Outre l’enjeu de santé publique que représente l’appareillage de ces patients, le fait qu’un tiers
de la demande potentielle ne soit pas satisfaite par le marché, tel qu’il fonctionne aujourd’hui,
soulève nécessairement des interrogations pour l’Autorité de la concurrence.
Pour une partie des patients, souvent âgés et aux revenus modestes, le prix élevé de
l’appareillage (1500 euros en moyenne par oreille) associé au faible niveau de remboursement
par l’Assurance maladie est l’un des facteurs qui conduit à renoncer aux soins. En outre, pour
ceux qui ont les moyens de s’appareiller, le niveau élevé du prix, qui implique un engagement
de plusieurs années, suscite des difficultés, alors que la capacité du patient à changer de
professionnel en cas d’insatisfaction apparaît très limitée.
Aujourd’hui, le secteur des audioprothèses en France est en pleine mutation.
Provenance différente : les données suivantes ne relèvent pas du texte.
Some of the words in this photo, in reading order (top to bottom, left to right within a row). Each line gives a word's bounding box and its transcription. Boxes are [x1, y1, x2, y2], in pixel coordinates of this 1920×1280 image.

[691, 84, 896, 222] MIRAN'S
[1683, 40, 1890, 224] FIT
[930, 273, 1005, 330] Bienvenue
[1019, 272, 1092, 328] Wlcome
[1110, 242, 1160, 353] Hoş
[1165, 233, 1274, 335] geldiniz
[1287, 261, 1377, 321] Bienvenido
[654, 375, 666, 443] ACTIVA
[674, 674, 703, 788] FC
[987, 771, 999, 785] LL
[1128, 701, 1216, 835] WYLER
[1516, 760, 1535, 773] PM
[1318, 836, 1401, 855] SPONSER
En amont de la
chaîne de valeur, les fabricants s’engagent dans un mouvement d’intégration verticale auquel
il convient d’être attentif car il pourrait à terme provoquer un phénomène connu sous le terme
de barrière à l’entrée forclusion »). À l’aval, une nouvelle offre plus dynamique, venant de
certains centres d’audioprothésistes ou de chaînes d’optique, propose aux patients des prix
inférieurs de 15 % environ aux prix de marché moyens sans que la qualité des prestations
afférentes ne semble en être affectée, puisque les enquêtes de satisfaction menées par ces
acteurs demeurent largement favorables. Dans un contexte où ces nouveaux acteurs détiennent
des parts de marché encore modestes, il convient de ne pas brider leur essor, notamment en
levant les éventuels freins structurels à leur développement.
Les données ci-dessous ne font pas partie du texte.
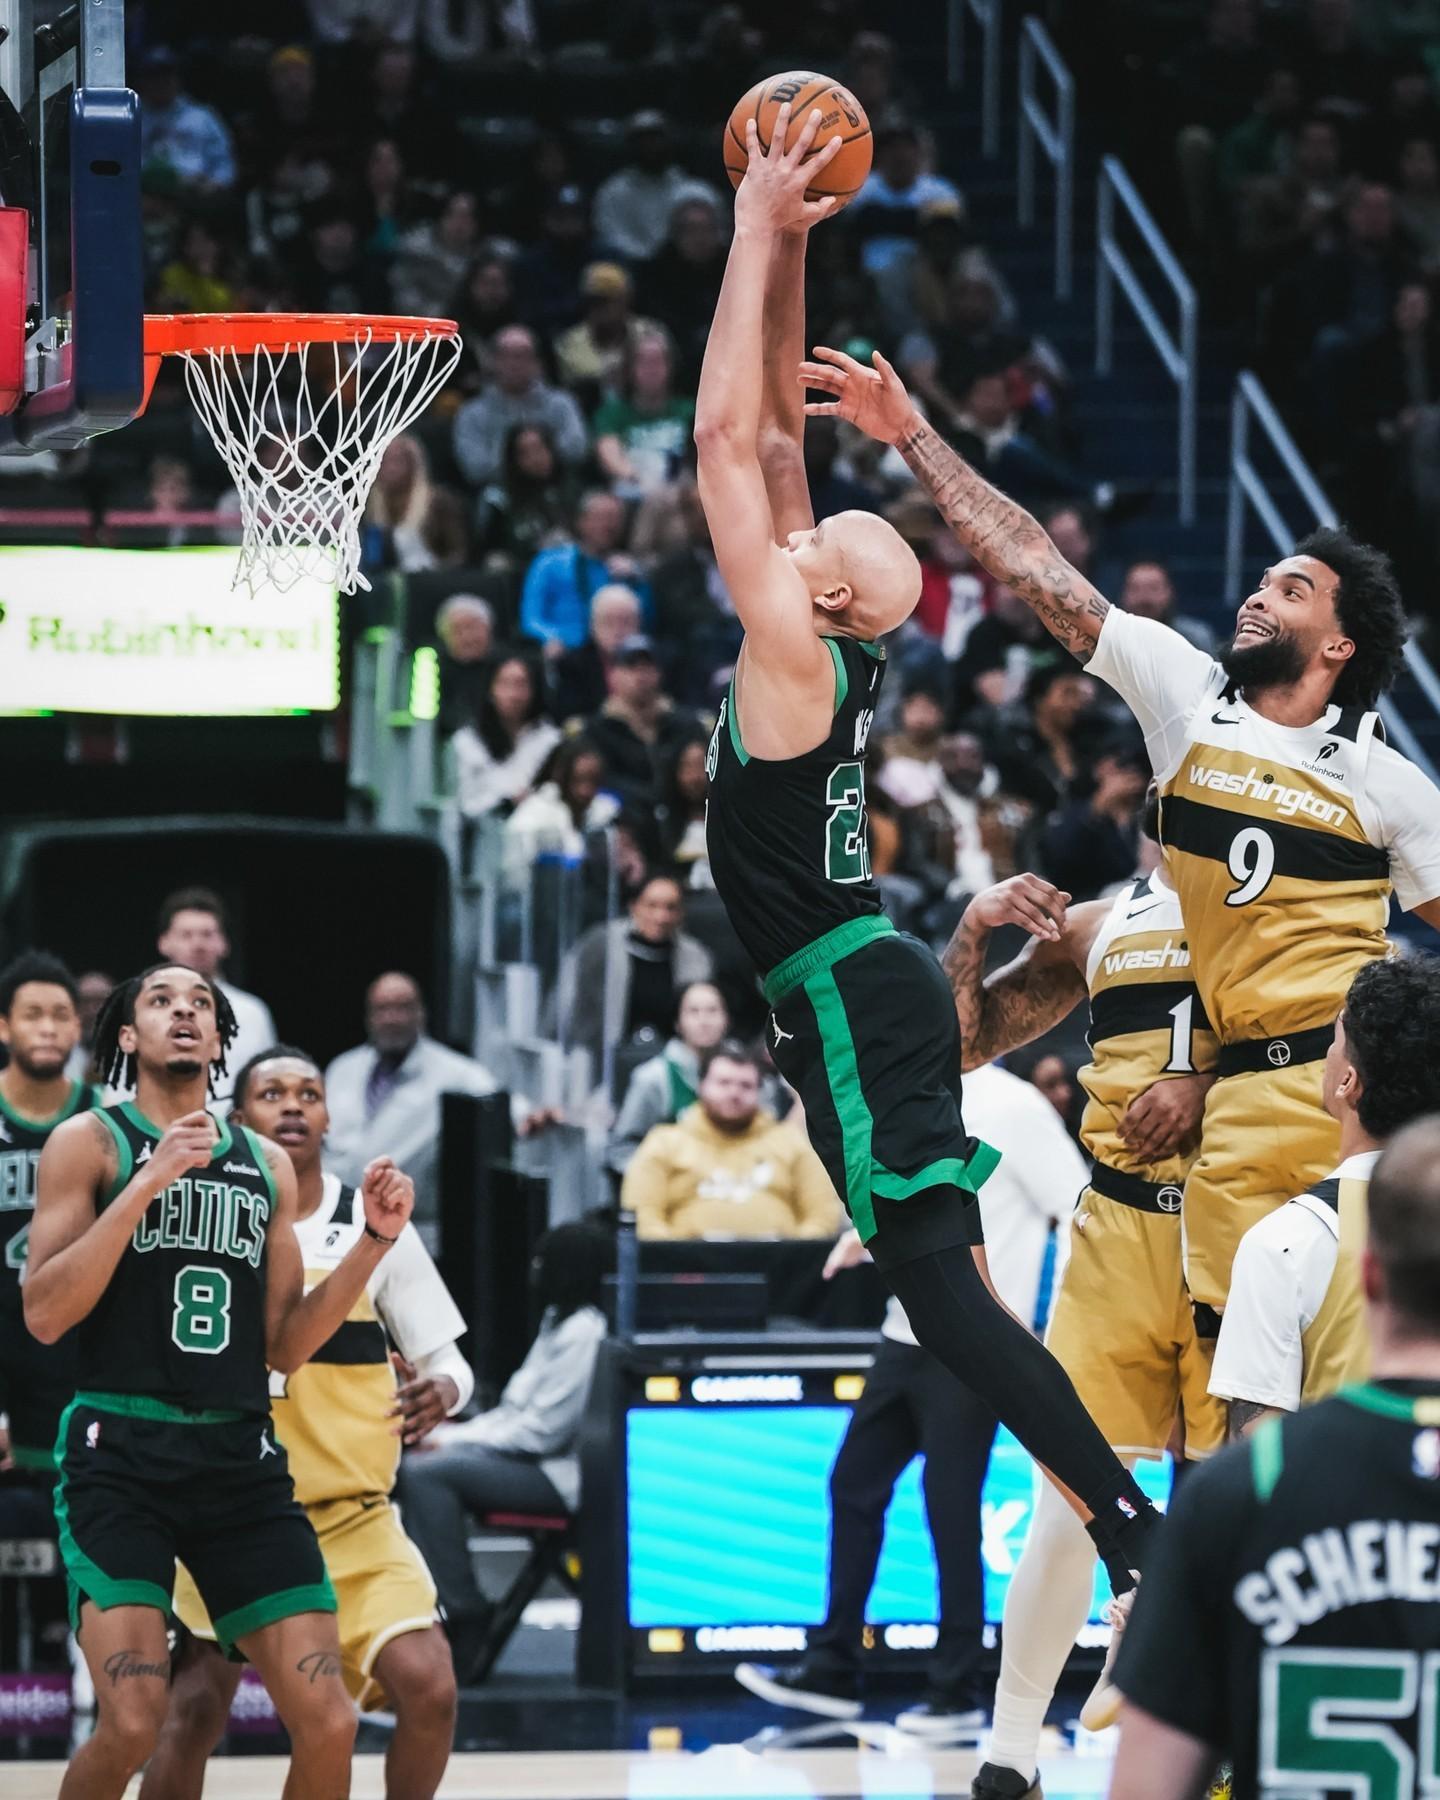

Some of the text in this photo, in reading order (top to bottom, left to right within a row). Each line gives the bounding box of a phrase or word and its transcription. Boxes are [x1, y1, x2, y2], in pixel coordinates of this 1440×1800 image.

[1190, 765, 1348, 827] washington
[1301, 760, 1344, 781] Robinhood
[825, 761, 873, 883] 2
[1224, 826, 1275, 907] 9
[1161, 993, 1199, 1073] 1
[132, 1178, 269, 1268] CELTICS
[171, 1265, 231, 1354] 8
[1234, 1518, 1440, 1646] SCHEIE
[1258, 1645, 1440, 1800] 5
L’Autorité a identifié deux caractéristiques du fonctionnement du secteur qui peuvent freiner
le jeu de la concurrence et limiter la baisse des prix et, par voie de conséquence, l’accès de
patients à l’appareillage.
En premier lieu, le marché des audioprothèses, où les prix sont libres, présente des
caractéristiques qui contribuent à limiter la capacité de choix du patient : le couplage
indissociable de la vente de l’appareil et des prestations de suivi, le caractère aujourd’hui
largement artificiel de la ventilation des coûts dans les devis proposés aux patients, l’absence
d’individualisation du temps consacré aux prestations de suivi. En outre, l’acheteur contracte
avec l’audioprothésiste pour une durée de 5 à 6 ans, pendant laquelle il se trouve dans une
situation de dépendance vis-à-vis du professionnel. Cette dépendance est d’autant plus forte
que le coût élevé de l’appareillage interdit toute forme de « nomadisme » de la patientèle. En
outre, l’asymétrie d’information sur le marché est telle que le patient se trouve dans une
position de « faiblesse » vis-à-vis du professionnel.
L’Autorité a entendu proposer des mesures propres à créer les conditions favorables à
l’émergence d’un cercle vertueux qui, intensifiant la concurrence, pourrait conduire à une
baisse du prix de l’appareillage, tout en maintenant un niveau de qualité élevé pour les patients.
À cet égard, la dissociation de la vente de l’appareil et de son adaptation, d’une part, et de la
fourniture des prestations de suivi au-delà de la première année, d’autre part, lui paraît un
élément nécessaire à un meilleur fonctionnement concurrentiel du marché. En outre, cette
dissociation apportera une réponse aux préoccupations des patients en termes de prix, de
flexibilité des prestations et de transparence. Ainsi l’Autorité formule-t-elle dans cet avis des
propositions pour renforcer la capacité de choix du patient et animer la concurrence en prix.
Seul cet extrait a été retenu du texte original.